HumanIPO reported last week Ian Ollis, shadow minister of transport for the Democratic Alliance (DA), called SANRAL’s advertising campaign “tacky” and that is was nothing more than propaganda.
“This must go down as one of the world’s most unsuccessful marketing campaigns, whereby several millions of taxpayers rands have been spent with little success in the promotion of their cause,” said Wayne Duvenage, chairperson of OUTA.
OUTA believes an advertising budget of this size is only enjoyed by few of the top multi-billion rand corporate brands in South Africa, which operate in competitive industries.
Contrasted to this, SANRAL is a monopoly backed by government money.
“There is something seriously wrong with any entity that operates in such a protected environment and spending so much money trying to sell an ill-conceived plan to society, whilst at the same time observing its credibility sink deeper into the mud,” said Duvenage.
Furthermore, OUTA has accused SANRAL of embarking on an advertising strategy with the intention of convincing society to “pay far more than it needs to” through the system of e-tolling, which enrich companies overseas.

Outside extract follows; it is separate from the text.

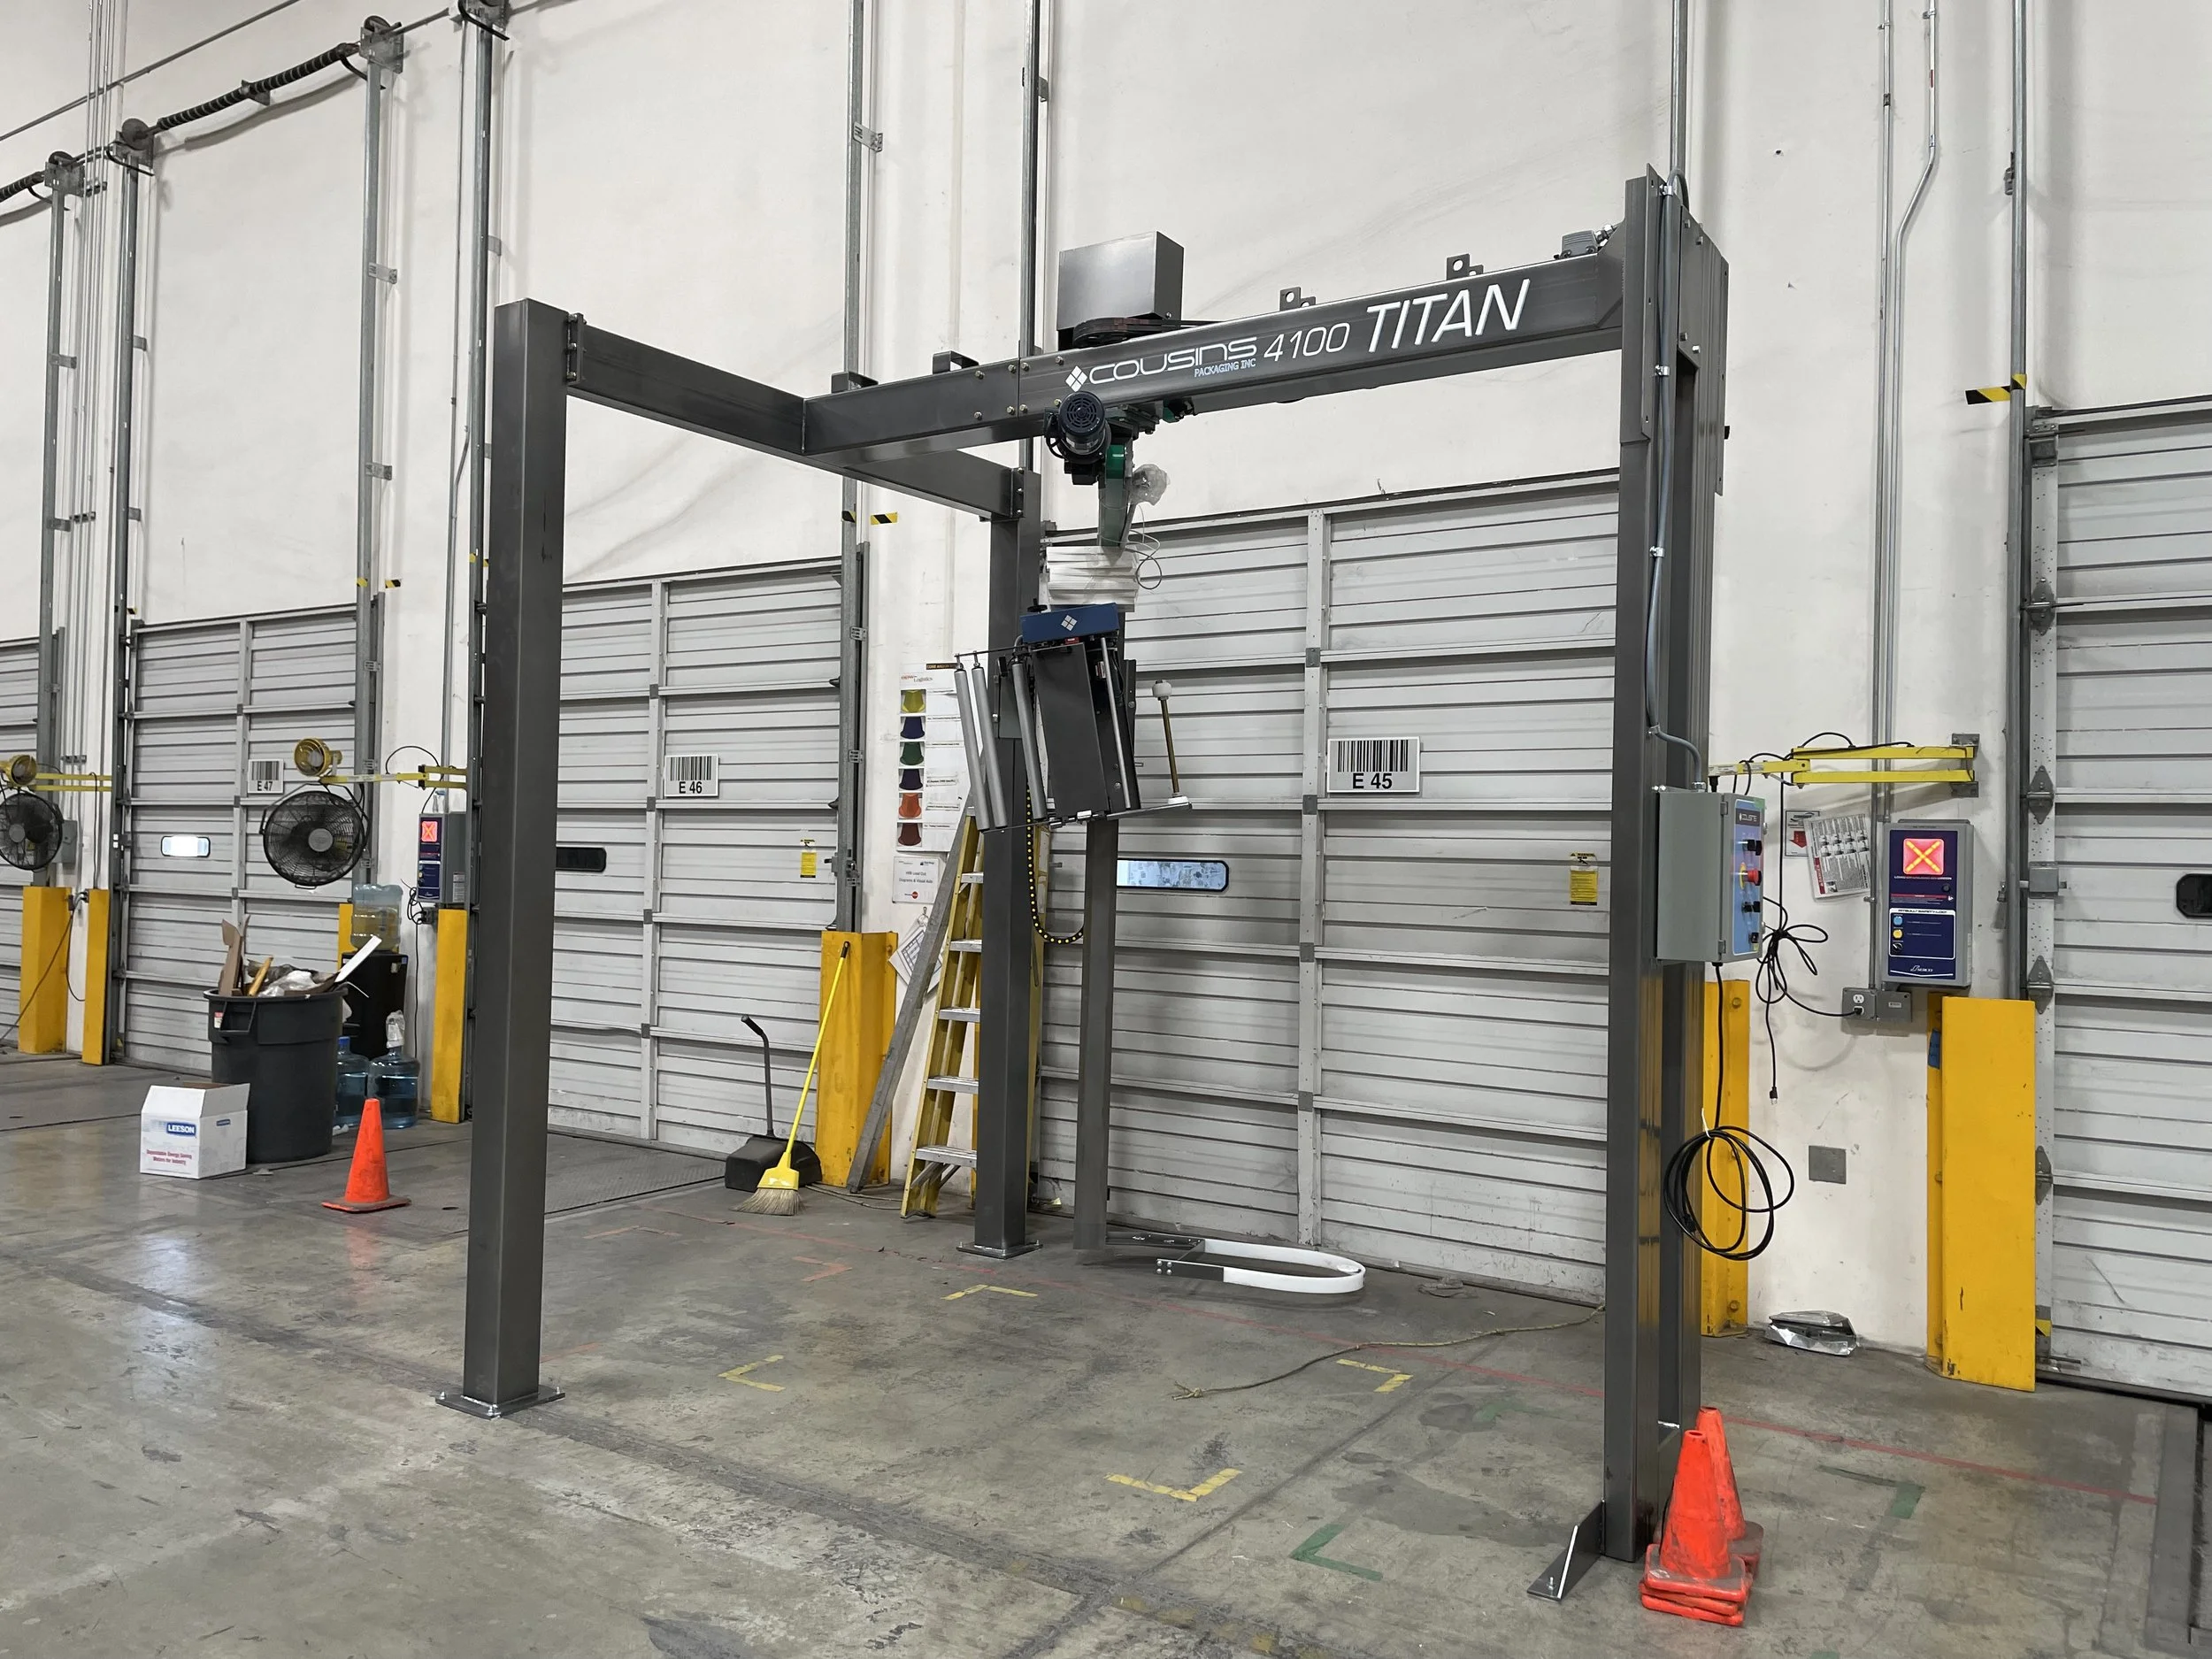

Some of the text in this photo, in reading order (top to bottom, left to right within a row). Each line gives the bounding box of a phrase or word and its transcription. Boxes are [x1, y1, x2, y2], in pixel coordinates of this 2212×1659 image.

“A number of corporate entities, government departments and others will tow the e-tag line, however, tens (if not hundreds) of thousands will not get tagged, nor will they pay for the use of freeways. This is not because they don’t want to pay for infrastructure that offers benefits to society, but because SANRAL and the government have lost the trust of the people on this issue,” said OUTA in a statement.